Ulysses By James Joyce Chapter 6 - Hades

My kneecap is hurting me. Ow. That's better.

The priest took a stick with a knob at the end of it out of the boy's bucket and shook it over the coffin. Then he walked to the other end and shook it again. Then he came back and put it back in the bucket. As you were before you rested. It's all written down: he has to do it.

— Et ne nos inducas in tentationem.

The server piped the answers in the treble. I often thought it would be better to have boy servants. Up to fifteen or so. After that, of course . . .

Holy water that was, I expect. Shaking sleep out of it. He must be fed up with that job, shaking that thing over all the corpses they trot up. What harm if he could see what he was shaking it over. Every mortal day a fresh batch: middleaged men, old women, children, women dead in childbirth, men with beards, baldheaded businessmen, consumptive girls with little sparrows' breasts. All the year round he prayed the same thing over them all and shook water on top of them: sleep. On Dignam now.

— In paradisum.

Said he was going to paradise or is in paradise. Says that over everybody. Tiresome kind of a job. But he has to say something.

The priest closed his book and went off, followed by the server. Corny Kelleher opened the sidedoors and the gravediggers came in, hoisted the coffin again, carried it out and shoved it on their cart. Corny Kelleher gave one wreath to the boy and one to the brother-in-law.
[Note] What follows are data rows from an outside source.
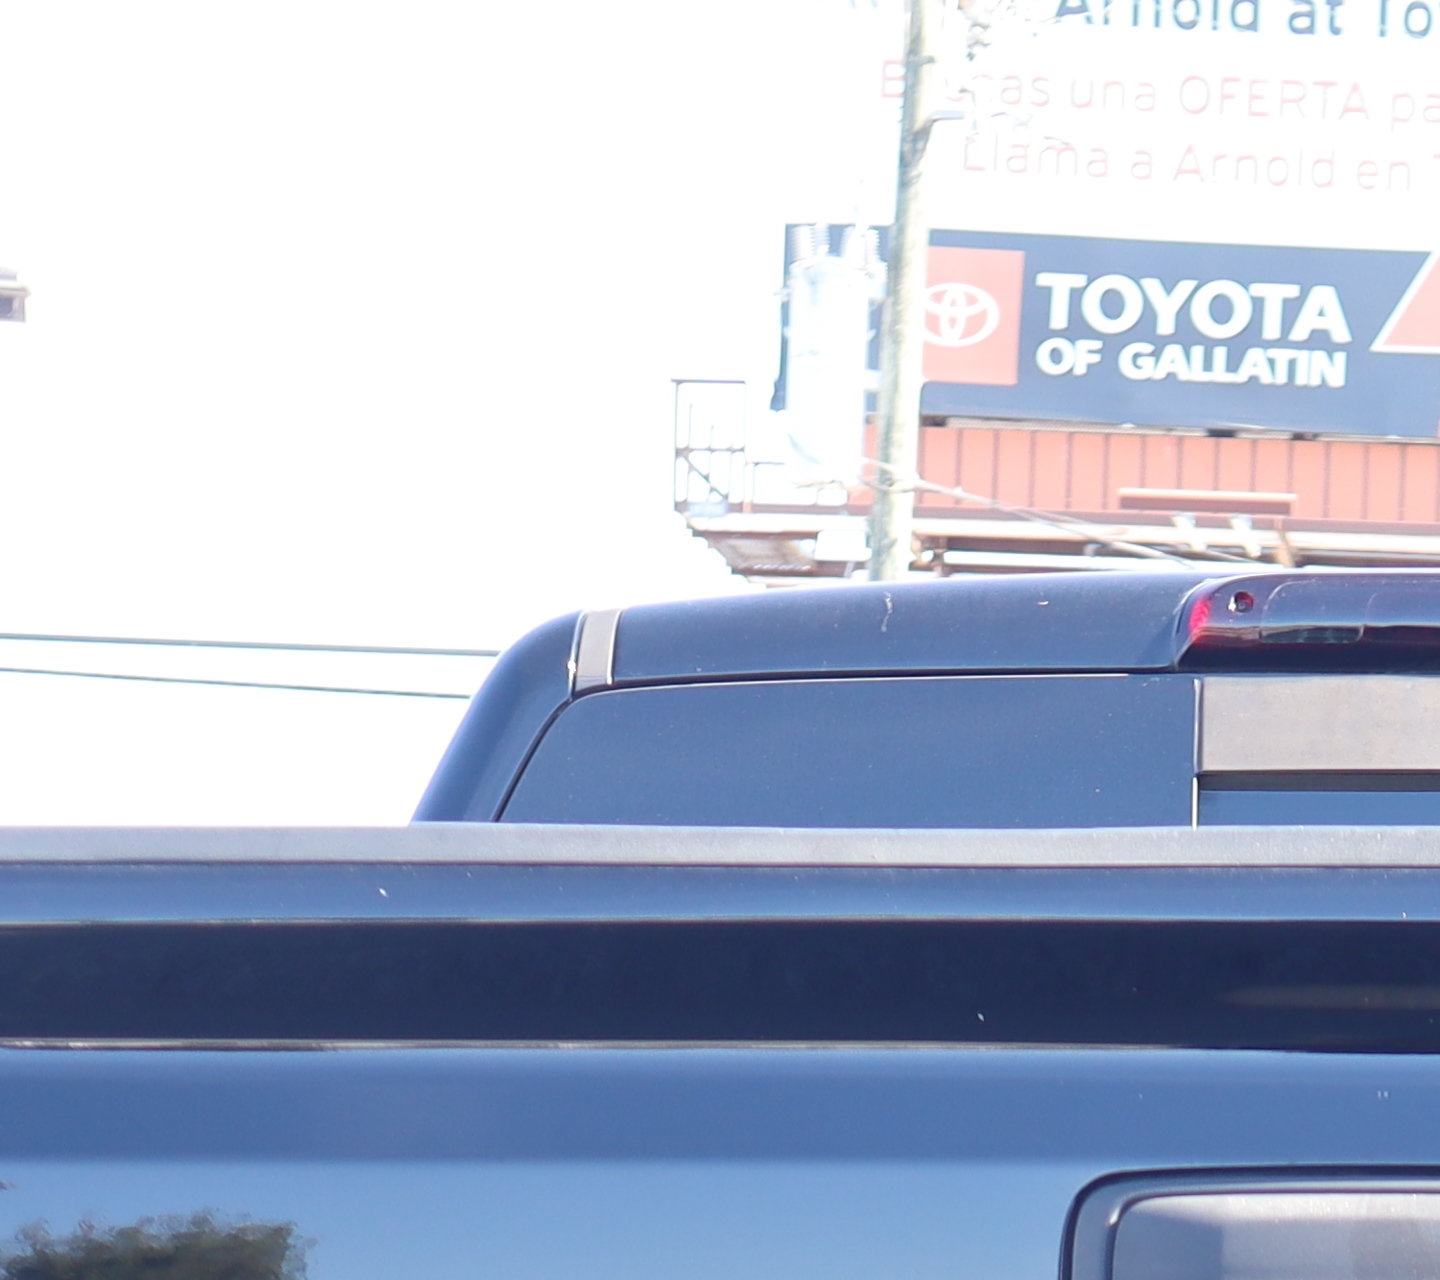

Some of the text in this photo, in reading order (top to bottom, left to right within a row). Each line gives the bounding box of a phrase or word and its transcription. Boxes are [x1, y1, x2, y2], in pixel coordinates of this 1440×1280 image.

[1287, 0, 1344, 35] at
[1070, 77, 1157, 112] una
[1178, 75, 1372, 121] OFERTA
[962, 132, 1110, 179] Llama
[1130, 147, 1155, 182] a
[1172, 143, 1337, 190] Arnold
[1356, 158, 1412, 191] en
[1035, 271, 1353, 345] TOYOTA
[1035, 336, 1348, 389] OF GALLATIN
All followed them out of the sidedoors into the mild grey air. Mr Bloom came last folding his paper again into his pocket. He gazed gravely at the ground till the coffincart wheeled off to the left. The metal wheels ground the gravel with a sharp grating cry and the pack of blunt boots followed the trundled barrow along a lane of sepulchres.

The ree the ra the ree the ra the roo. Lord, I mustn't lilt here.

— The O'Connell circle, Mr Dedalus said about him.

Mr Power's soft eyes went up to the apex of the lofty cone.

— He's at rest, he said, in the middle of his people, old Dan O'. But his heart is buried in Rome. How many broken hearts are buried here, Simon!

— Her grave is over there, Jack, Mr Dedalus said. I'll soon be stretched beside her. Let Him take me whenever He likes.

Breaking down, he began to weep to himself quietly, stumbling a little in his walk. Mr Power took his arm.

— She's better where she is, he said kindly.

— I suppose so, Mr Dedalus said with a weak gasp. I suppose she is in heaven if there is a heaven.

Corny Kelleher stepped aside from his rank and allowed the mourners to plod by.

— Sad occasions, Mr Kernan began politely.

Mr Bloom closed his eyes and sadly twice bowed his head.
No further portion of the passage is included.